<<<<
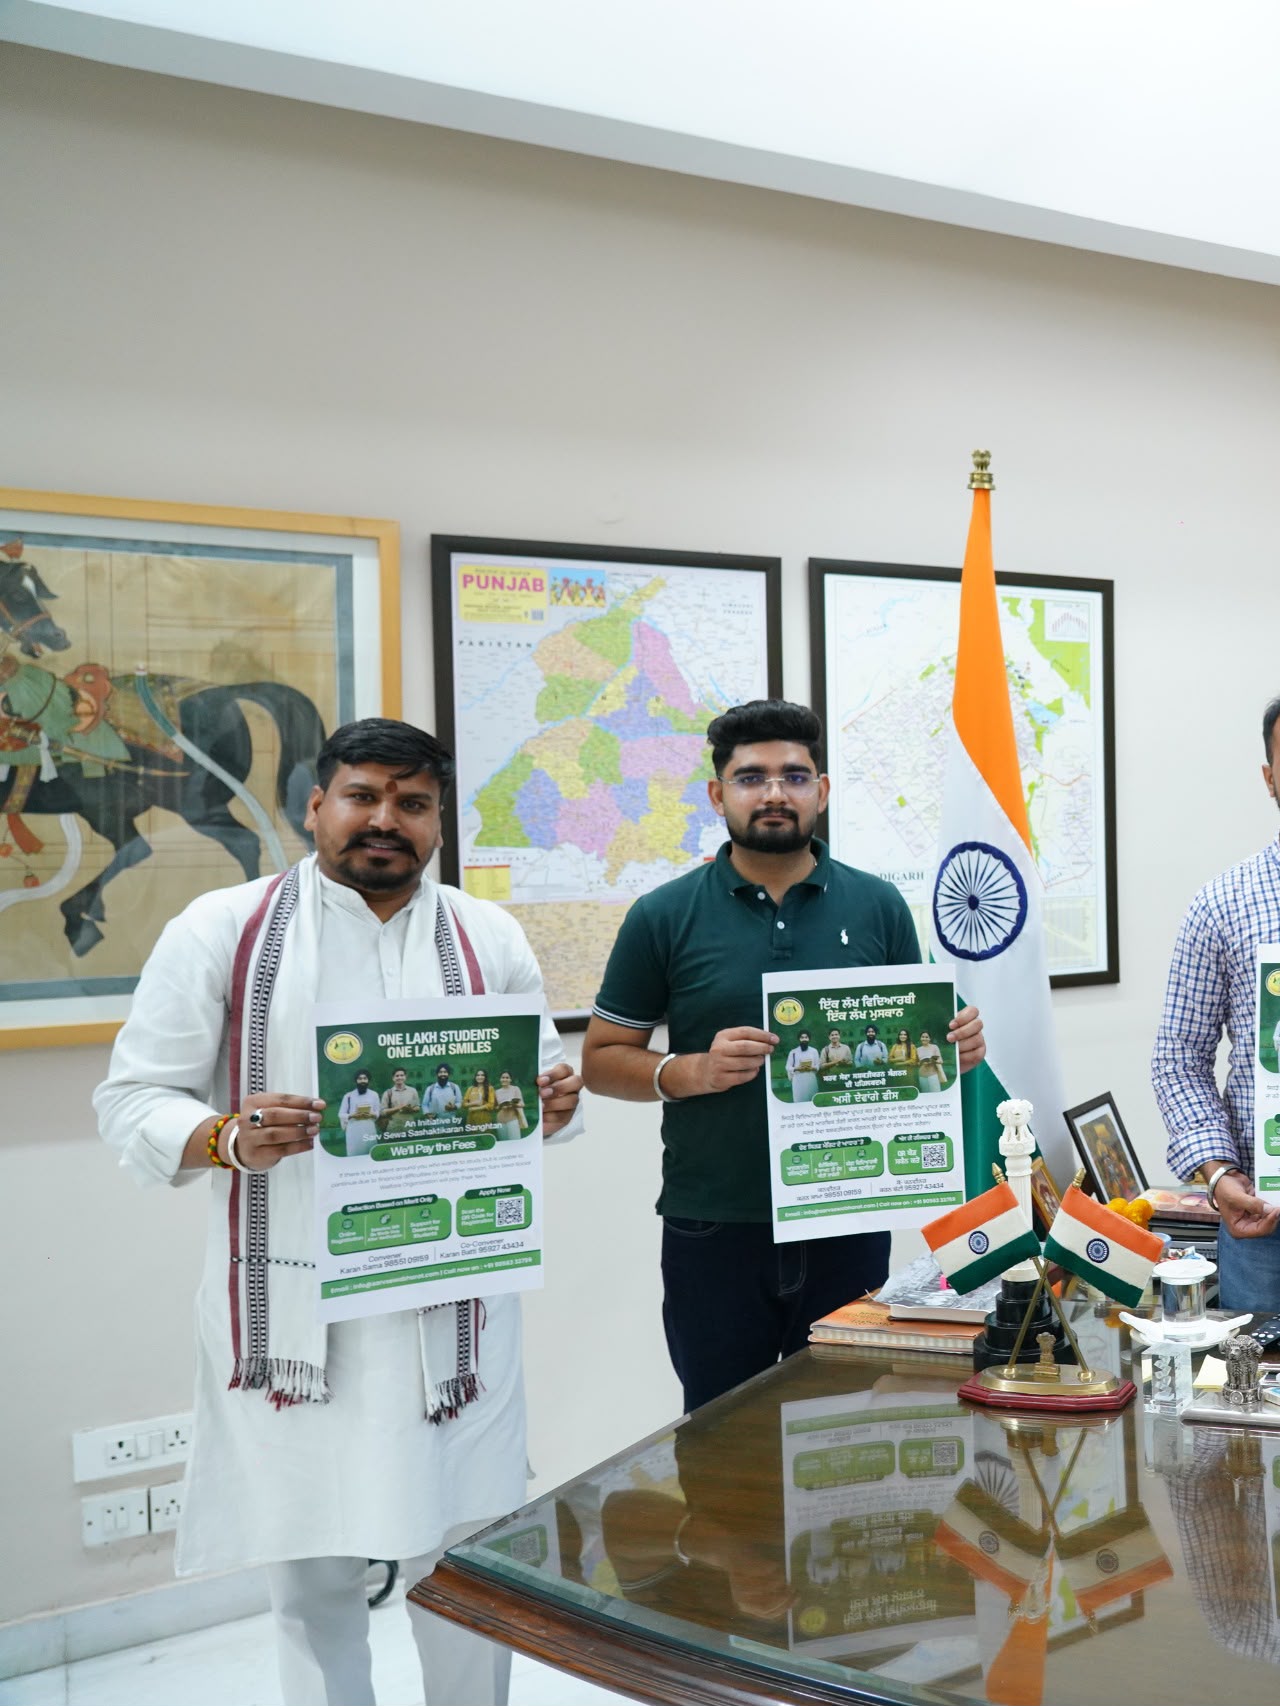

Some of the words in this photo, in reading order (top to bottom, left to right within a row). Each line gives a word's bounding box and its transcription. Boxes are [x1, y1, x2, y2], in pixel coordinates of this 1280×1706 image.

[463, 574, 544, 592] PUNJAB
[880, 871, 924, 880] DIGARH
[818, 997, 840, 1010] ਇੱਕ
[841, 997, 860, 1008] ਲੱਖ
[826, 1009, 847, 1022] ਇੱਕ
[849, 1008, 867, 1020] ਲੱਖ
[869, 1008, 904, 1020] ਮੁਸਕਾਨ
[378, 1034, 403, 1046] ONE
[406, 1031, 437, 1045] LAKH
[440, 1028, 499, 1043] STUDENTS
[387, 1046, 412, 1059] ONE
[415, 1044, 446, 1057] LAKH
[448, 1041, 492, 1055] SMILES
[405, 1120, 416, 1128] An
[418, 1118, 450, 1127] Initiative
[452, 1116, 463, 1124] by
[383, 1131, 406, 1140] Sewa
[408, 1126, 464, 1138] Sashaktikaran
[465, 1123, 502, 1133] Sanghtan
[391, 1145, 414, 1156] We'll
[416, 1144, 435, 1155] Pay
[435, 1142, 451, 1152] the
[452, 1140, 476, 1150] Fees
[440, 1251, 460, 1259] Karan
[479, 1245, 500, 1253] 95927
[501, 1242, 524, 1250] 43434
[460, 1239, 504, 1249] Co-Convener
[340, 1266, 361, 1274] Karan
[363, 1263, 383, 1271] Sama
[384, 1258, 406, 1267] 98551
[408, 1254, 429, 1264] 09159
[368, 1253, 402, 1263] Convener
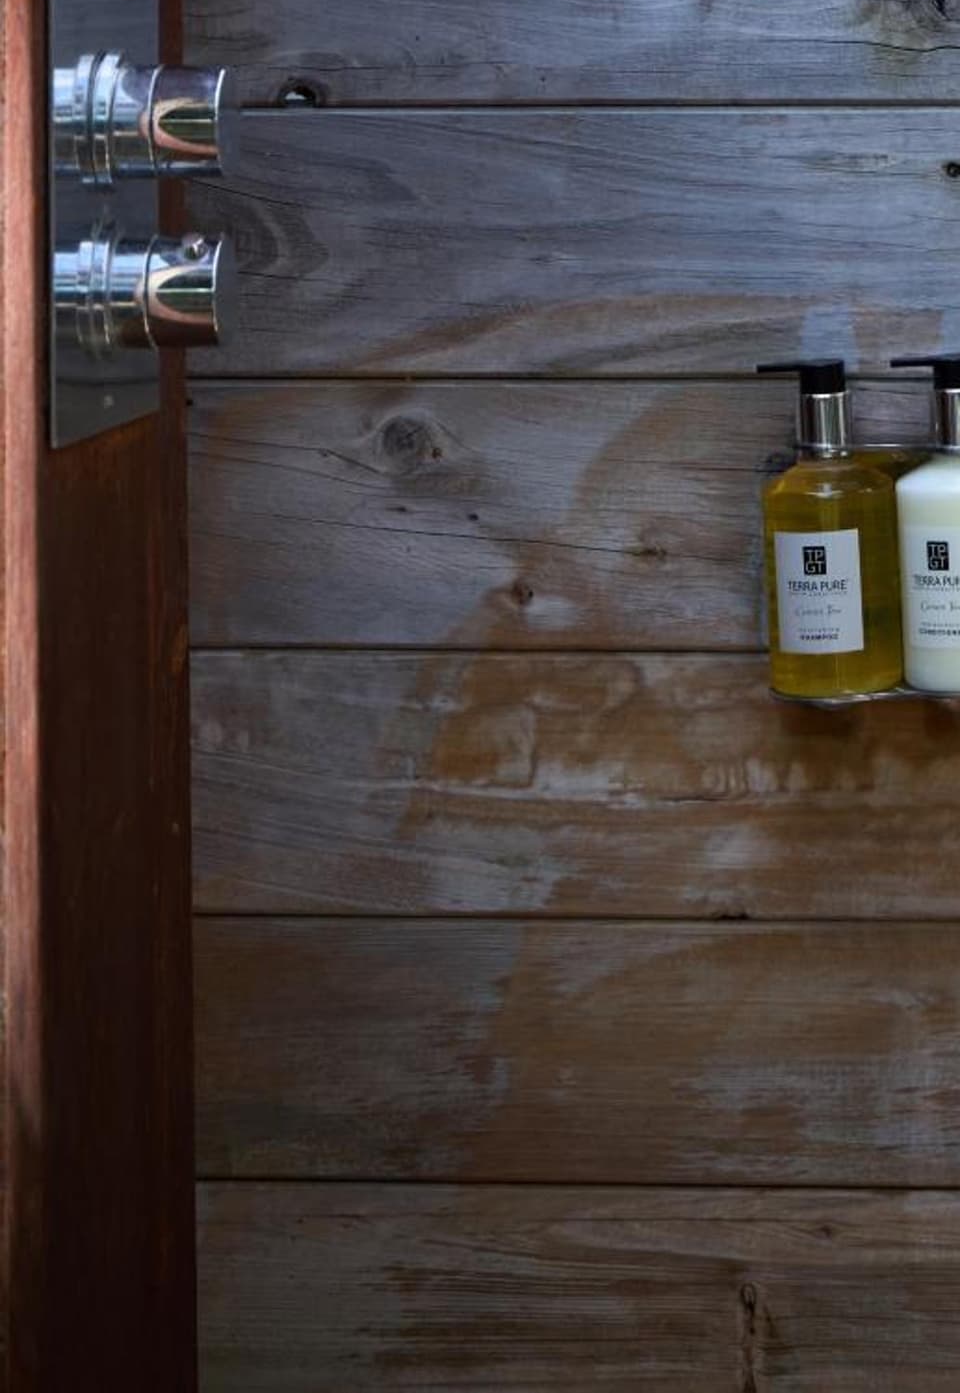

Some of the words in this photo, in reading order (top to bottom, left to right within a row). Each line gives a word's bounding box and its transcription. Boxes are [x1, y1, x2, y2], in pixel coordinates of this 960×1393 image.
>>>>
> **Task requirements**
The copy should match each line above exactly and contain no images.

> **Exercise result**
Some of the words in this photo, in reading order (top to bottom, left to right within a row). Each line gives a word's bounding box and its transcription. Boxes are [x1, y1, x2, y2], in pixel coordinates of this 1280×1706 image.

[463, 574, 544, 592] PUNJAB
[880, 871, 924, 880] DIGARH
[818, 997, 840, 1010] ਇੱਕ
[841, 997, 860, 1008] ਲੱਖ
[826, 1009, 847, 1022] ਇੱਕ
[849, 1008, 867, 1020] ਲੱਖ
[869, 1008, 904, 1020] ਮੁਸਕਾਨ
[378, 1034, 403, 1046] ONE
[406, 1031, 437, 1045] LAKH
[440, 1028, 499, 1043] STUDENTS
[387, 1046, 412, 1059] ONE
[415, 1044, 446, 1057] LAKH
[448, 1041, 492, 1055] SMILES
[405, 1120, 416, 1128] An
[418, 1118, 450, 1127] Initiative
[452, 1116, 463, 1124] by
[383, 1131, 406, 1140] Sewa
[408, 1126, 464, 1138] Sashaktikaran
[465, 1123, 502, 1133] Sanghtan
[391, 1145, 414, 1156] We'll
[416, 1144, 435, 1155] Pay
[435, 1142, 451, 1152] the
[452, 1140, 476, 1150] Fees
[440, 1251, 460, 1259] Karan
[479, 1245, 500, 1253] 95927
[501, 1242, 524, 1250] 43434
[460, 1239, 504, 1249] Co-Convener
[340, 1266, 361, 1274] Karan
[363, 1263, 383, 1271] Sama
[384, 1258, 406, 1267] 98551
[408, 1254, 429, 1264] 09159
[368, 1253, 402, 1263] Convener

Some of the words in this photo, in reading order (top to bottom, left to right within a row). Each line gives a word's bounding box and its transcription. Boxes are [x1, y1, x2, y2], in pixel coordinates of this 960×1393 image.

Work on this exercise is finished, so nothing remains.